Chambre 4-4, 24 avril 2025 — 21/08873
Texte intégral
COUR D'APPEL D'AIX-EN-PROVENCE
Chambre 4-4
ARRÊT AU FOND
DU 24 AVRIL 2025
N°2025/
PR/FP-D
Rôle N° RG 21/08873 - N° Portalis DBVB-V-B7F-BHUKI
[O] [P]
C/
S.A. DAMARTEX
Copie exécutoire délivrée
le :
24 AVRIL 2025
à :
Me Jean-françois JOURDAN, avocat au barreau d'AIX-EN-
PROVENCE
Me Bertrand DANSET, avocat au barreau de LILLE
Décision déférée à la Cour :
Jugement du Conseil de Prud'hommes - Formation paritaire de GRASSE en date du 19 Mai 2021 enregistré(e) au répertoire général sous le n° F 19/00586.
APPELANTE
Madame [O] [P], demeurant [Adresse 2]
représentée par Me Jean-françois JOURDAN, avocat au barreau d'AIX-EN-PROVENCE,
et par Me Michel DUHAUT, avocat au barreau de NICE substitué par Me Audric FROSIO, avocat au barreau de NICE
INTIMEE
S.A. DAMARTEX venant aux droits de la société VIVADIA, agissant poursuites et diligences de ses représentants légaux, domiciliés en cette qualité audit siège, demeurant [Adresse 1]
représentée par Me Bertrand DANSET, avocat au barreau de LILLE
*-*-*-*-*
COMPOSITION DE LA COUR
L'affaire a été débattue le 03 Mars 2025 en audience publique, les avocats ne s'y étant pas opposés, devant Madame Natacha LAVILLE, Présidente, et Madame Paloma REPARAZ, Conseillère, chargés du rapport.
Madame Paloma REPARAZ, Conseillère, a fait un rapport oral à l'audience, avant les plaidoiries.
Ces magistrats ont rendu compte des plaidoiries dans le délibéré de la cour, composée de :
Madame Natacha LAVILLE, Présidente
Madame Marie-Anne BLOCH, Conseiller
Madame Paloma REPARAZ, Conseillère
Greffier lors des débats : Madame Françoise PARADIS-DEISS.
Les parties ont été avisées que le prononcé de la décision aurait lieu par mise à disposition au greffe le 24 Avril 2025..
ARRÊT
Contradictoire,
Prononcé par mise à disposition au greffe le 24 Avril 2025.
Signé par Madame Natacha LAVILLE, Présidente et Madame Françoise PARADIS-DEISS, greffier auquel la minute de la décision a été remise par le magistrat signataire.
Madame [O] [P] (la salariée) et Monsieur [T] [G] [P] ont créé la société Vivadia en 2006, à une date qui n'a pas été communiquée par les parties.
L'intégralité des parts sociales qu'ils détenaient dans la société Vivadia a été cédée au groupe Damartex le 4 mai 2016.
Suivant contrat de travail à durée indéterminée, Mme. [P] a été embauchée à compter du 4 mai 2016 par la société Vivadia SARL (l'employeur), aux droits de laquelle vient la société Damartex SA, en qualité de directeur général adjoint moyennant un salaire mensuel brut d'un montant de 5 000 euros jusqu'au 31 décembre 2017, de 6 000 euros du 1er janvier 2018 au 31 décembre 2018 et de 7 000 euros à compter du 1er janvier 2019, outre une prime annuelle correspondant au 2/3 du douzième des salaires bruts des 12 derniers mois.

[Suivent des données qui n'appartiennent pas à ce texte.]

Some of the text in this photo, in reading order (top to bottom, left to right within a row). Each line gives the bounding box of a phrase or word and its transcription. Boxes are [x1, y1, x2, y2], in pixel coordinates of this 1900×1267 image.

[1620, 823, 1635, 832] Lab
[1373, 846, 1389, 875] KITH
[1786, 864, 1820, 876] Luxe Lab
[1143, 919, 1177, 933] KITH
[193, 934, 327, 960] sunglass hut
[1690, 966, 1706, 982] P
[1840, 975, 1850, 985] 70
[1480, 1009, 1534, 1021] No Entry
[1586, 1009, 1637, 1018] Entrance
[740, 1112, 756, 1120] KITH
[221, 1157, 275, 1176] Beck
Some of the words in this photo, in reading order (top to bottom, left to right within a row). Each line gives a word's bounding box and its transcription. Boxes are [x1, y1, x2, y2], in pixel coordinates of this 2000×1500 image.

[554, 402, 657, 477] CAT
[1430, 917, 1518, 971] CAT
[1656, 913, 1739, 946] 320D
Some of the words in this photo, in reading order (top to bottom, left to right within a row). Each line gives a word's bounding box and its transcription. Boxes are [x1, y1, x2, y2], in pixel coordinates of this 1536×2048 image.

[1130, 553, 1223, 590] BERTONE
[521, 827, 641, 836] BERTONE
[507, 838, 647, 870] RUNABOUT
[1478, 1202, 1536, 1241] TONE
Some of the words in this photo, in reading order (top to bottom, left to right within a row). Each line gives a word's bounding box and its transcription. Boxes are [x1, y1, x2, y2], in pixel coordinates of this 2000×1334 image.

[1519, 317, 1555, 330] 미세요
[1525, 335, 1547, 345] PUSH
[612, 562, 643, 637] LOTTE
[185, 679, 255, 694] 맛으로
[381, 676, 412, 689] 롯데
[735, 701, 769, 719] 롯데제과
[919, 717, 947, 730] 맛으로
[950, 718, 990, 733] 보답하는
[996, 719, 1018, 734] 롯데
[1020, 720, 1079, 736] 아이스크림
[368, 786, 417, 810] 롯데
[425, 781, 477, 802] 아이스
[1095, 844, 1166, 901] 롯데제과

Il n'est pas discuté que la salariée a été engagée à temps complet.
L'employeur a été placée en cessation d'activité à une date qui n'a pas été précisée dans le cadre des débats.
La relation de travail a été régie par la convention collective nationale des entreprises de vente à distance du 6 février 2001.
L'employeur a remis à la salariée une note sur les conséquences sociales de la cession d'activité établie au mois d'octobre 2018.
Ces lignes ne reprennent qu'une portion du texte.